-------- Available data

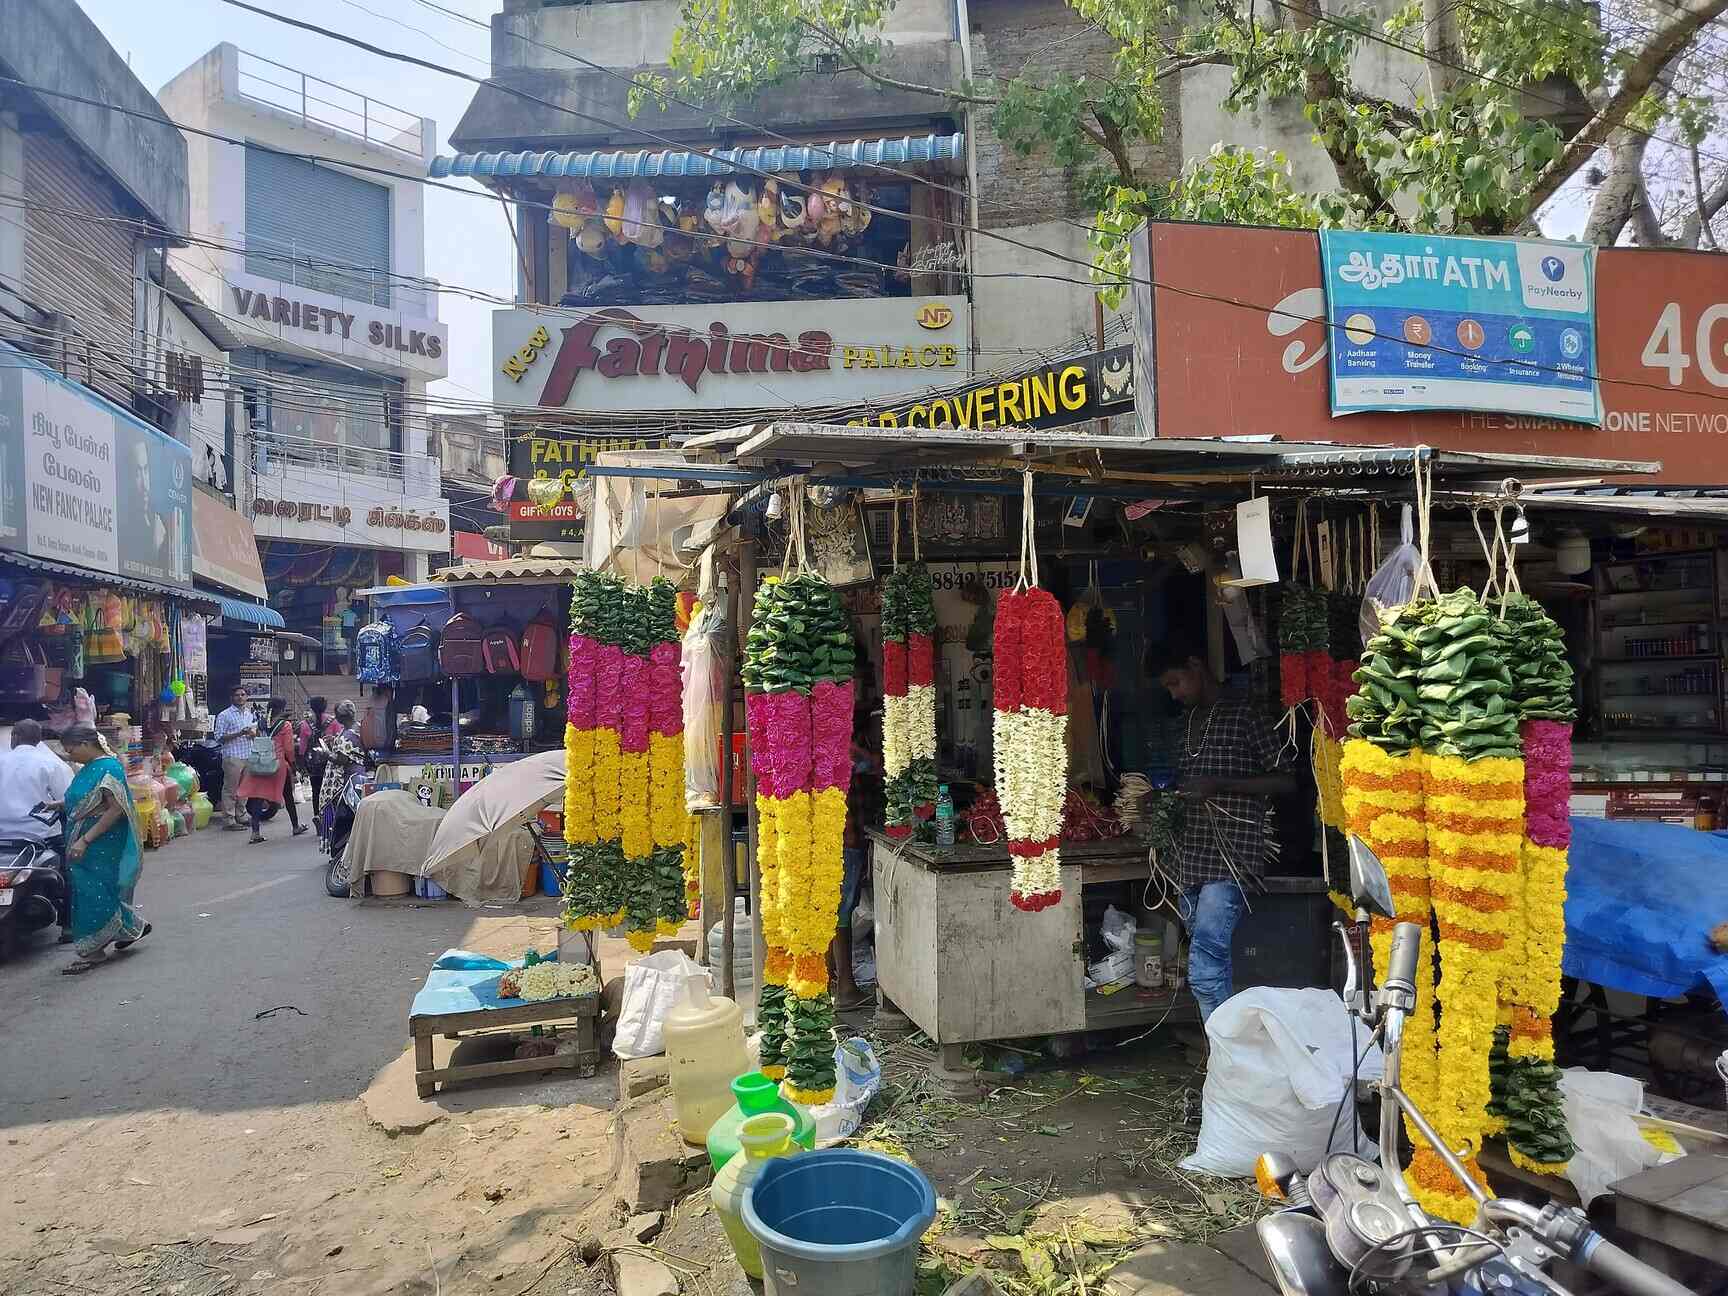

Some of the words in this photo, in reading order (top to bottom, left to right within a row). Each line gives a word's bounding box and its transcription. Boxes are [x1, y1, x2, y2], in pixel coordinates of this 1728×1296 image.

[1443, 254, 1512, 291] ATM
[1527, 283, 1583, 300] PayNearby
[231, 286, 355, 339] VARIETY
[368, 320, 442, 359] SILKS
[1641, 302, 1728, 389] 4G
[503, 326, 550, 383] New
[537, 308, 834, 408] Fathima
[842, 343, 961, 370] PALACE
[907, 365, 1088, 431] COVERING
[32, 482, 54, 517] NEW
[55, 490, 82, 524] FANCY
[84, 500, 113, 533] PALACE

----------------

With the pictures omitted, repeat the full set of records above exactly.

Some of the words in this photo, in reading order (top to bottom, left to right within a row). Each line gives a word's bounding box and its transcription. Boxes are [x1, y1, x2, y2], in pixel coordinates of this 1728×1296 image.

[1443, 254, 1512, 291] ATM
[1527, 283, 1583, 300] PayNearby
[231, 286, 355, 339] VARIETY
[368, 320, 442, 359] SILKS
[1641, 302, 1728, 389] 4G
[503, 326, 550, 383] New
[537, 308, 834, 408] Fathima
[842, 343, 961, 370] PALACE
[907, 365, 1088, 431] COVERING
[32, 482, 54, 517] NEW
[55, 490, 82, 524] FANCY
[84, 500, 113, 533] PALACE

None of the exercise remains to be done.